┌─ Extracted material

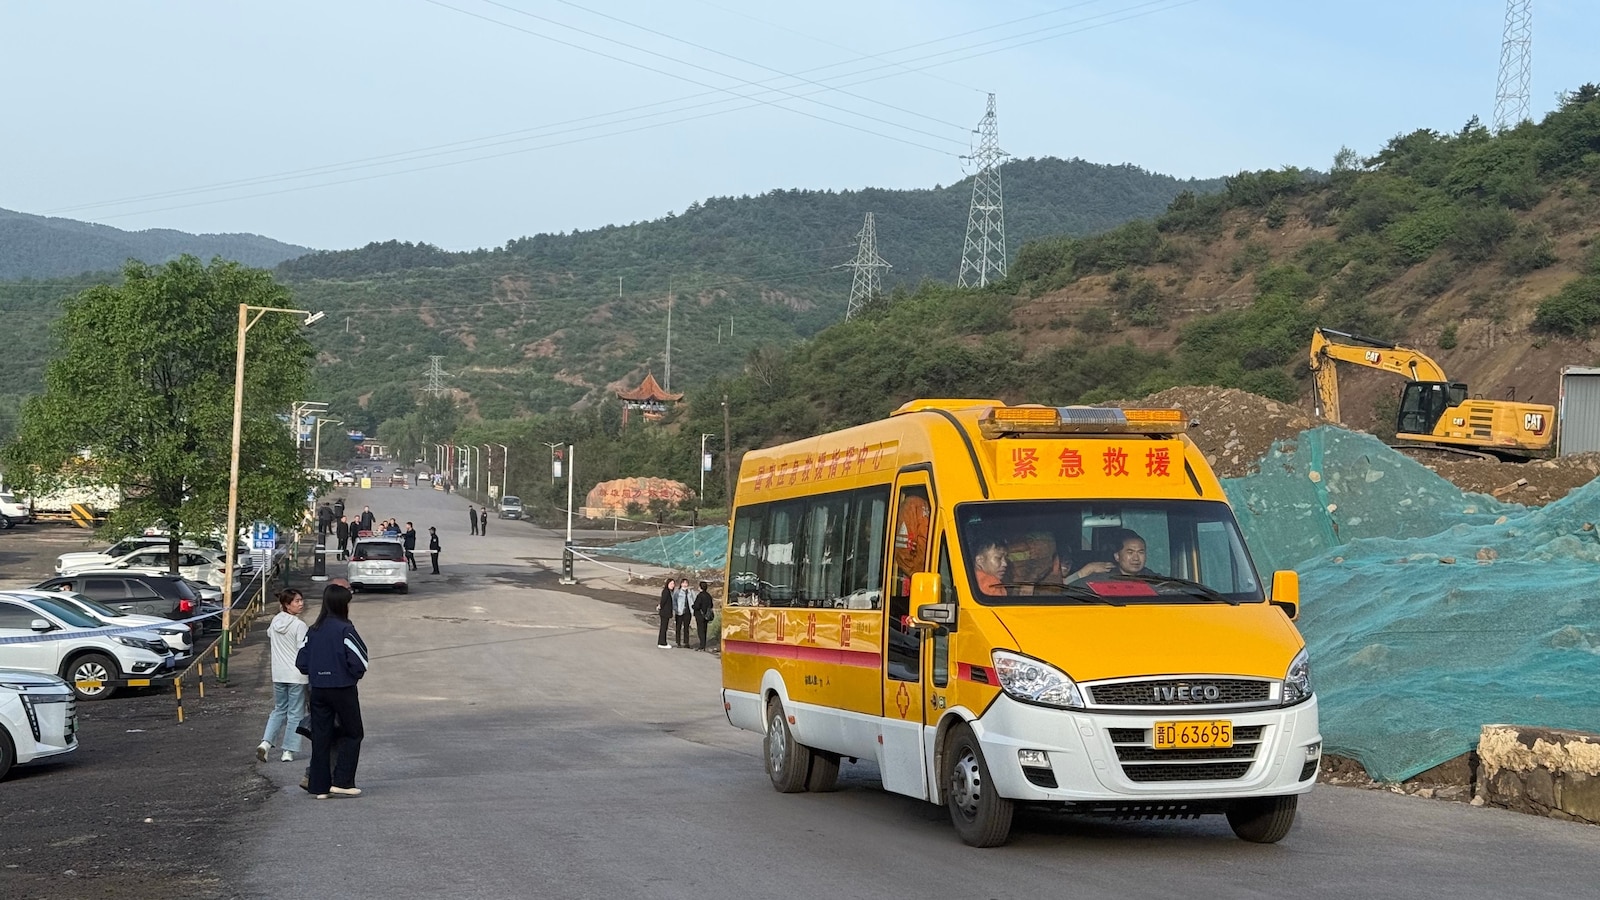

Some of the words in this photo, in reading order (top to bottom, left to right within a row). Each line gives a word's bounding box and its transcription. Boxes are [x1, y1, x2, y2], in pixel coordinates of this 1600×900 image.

[1365, 351, 1380, 362] CAT
[1453, 418, 1464, 426] CAT
[1524, 413, 1543, 431] CAT
[1012, 447, 1171, 479] 紧急救援
[258, 522, 270, 539] P
[1153, 685, 1220, 701] IVECO

└─

### [About this task]
Restate all of the material above word for word, excluding the pictures.

### [Task solution]
Some of the words in this photo, in reading order (top to bottom, left to right within a row). Each line gives a word's bounding box and its transcription. Boxes are [x1, y1, x2, y2], in pixel coordinates of this 1600×900 image.

[1365, 351, 1380, 362] CAT
[1453, 418, 1464, 426] CAT
[1524, 413, 1543, 431] CAT
[1012, 447, 1171, 479] 紧急救援
[258, 522, 270, 539] P
[1153, 685, 1220, 701] IVECO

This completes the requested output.